February 2009 Archives

February 28, 2009

Immigration Background Check Delays - New Policy Affecting I-485 and -601 Applications

US Citizenship and Immigration Service (USCIS) announced today background check policy update affecting adjustment of status and waivers of inadmissibility cases delayed by long-pending background checks.  While USCIS has not changed its national security requirements, they did modify their existing guidance for some procedures that will affect the detention and removal of people.   

USCIS reported that nearly 50,000 applications for permanent residence are approvable but just awaiting an FBI name check which has taken more than 180 days.  Applicants with long pending cases can contact the USCIS through the 1-800-customer service number (1-800-375-5283) or make an INFOPASS appointment to visit their local CIS office.  The USCIS press release states that they will begin prioritizing these long delayed cases, requesting additional definitive FBI fingerprint checks.  Applicants who are unable to go to an INFOPASS appointment may also hire an immigration visa attorney to conduct the status check for them.
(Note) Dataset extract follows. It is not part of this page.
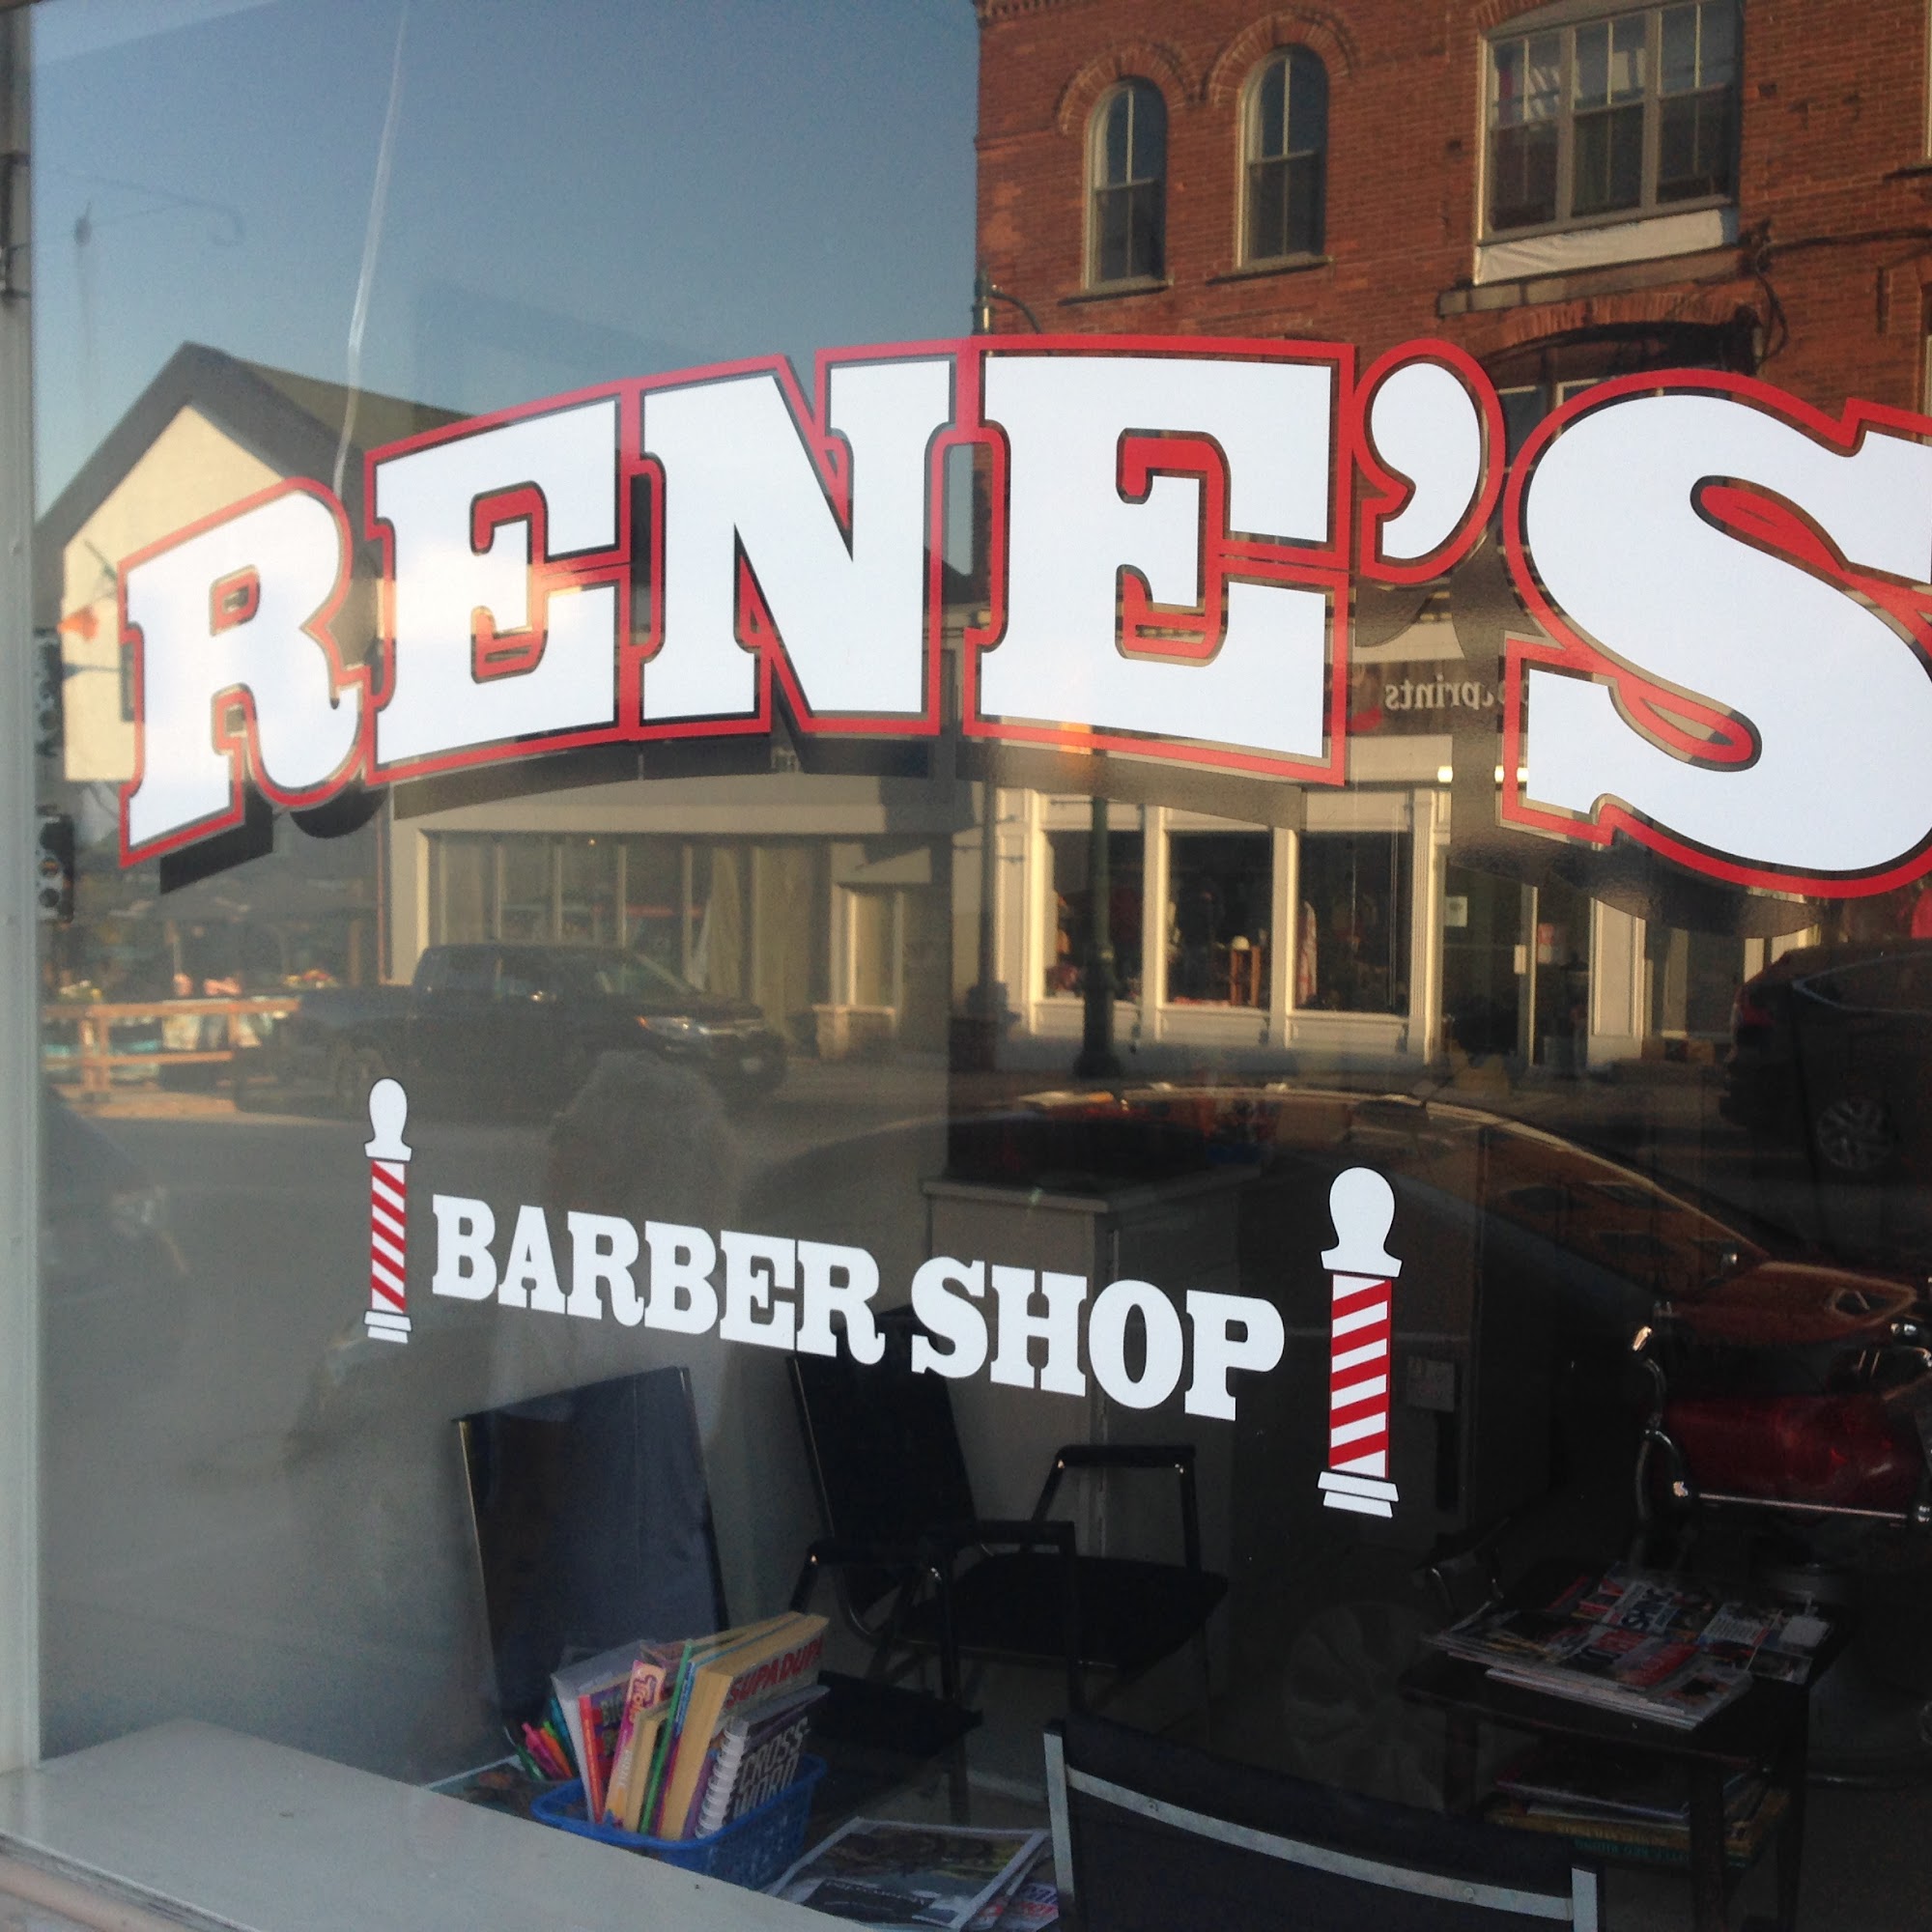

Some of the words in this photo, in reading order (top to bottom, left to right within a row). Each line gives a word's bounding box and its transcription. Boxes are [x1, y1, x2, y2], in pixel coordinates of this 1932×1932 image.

[118, 335, 1932, 898] RENE'S
[431, 1193, 887, 1367] BARBER
[909, 1256, 1286, 1422] SHOP
For many people awaiting final adjudication of their petitions, expect that USCIS may contact you to request that your fingerprints be taken again at a local application support center.  Keep in mind that the Department of Homeland Security may initiate removal proceedings if negative information is received through an adverse background check.

February 27, 2009

US Military Will Allow Enlistment of Some Foreign Nationals


Some Fong & Chun immigration law clients have asked about the possibility of serving in the US armed forces.  Attorneys at Fong & Chun contacted military recruiters in Los Angeles.

The US Department of Defense (DOD) began a pilot program in December 2008 to recruit up to 1,000 nonimmigrant aliens in the next 12 months.  DOD has taken this step to permit enlistment of certain people who have skills which are critical to the US.  The critical skills are within the medical field and foreign languages.

If you wish to enlist, you must be in one of the following categories: asylee, refugee, temporary protected status (TPS).  Also, E, F, H, I, J, K, L, M, O, P, Q, R, S, T, TC, TD, TN, U, or V nonimmigrants are eligible.  An eligible recruit: (a) must not have had any single absence from the US of more than 90 days during the two-year period preceding enlistment, (b) must have been in valid status in one of these categories for at least two years immediately prior to enlistment (but it does not have to be the same category for the entire period), and (c) in the medical category, the recruit must fill medical specialities where the armed forces have a shortfall, and (d) in the language category, the recruit must possess specific language and culture capabilities in a language critical to DOD.

Nonimmigrants who serve in the US military during a time of war are eligible for accelerated citizenship.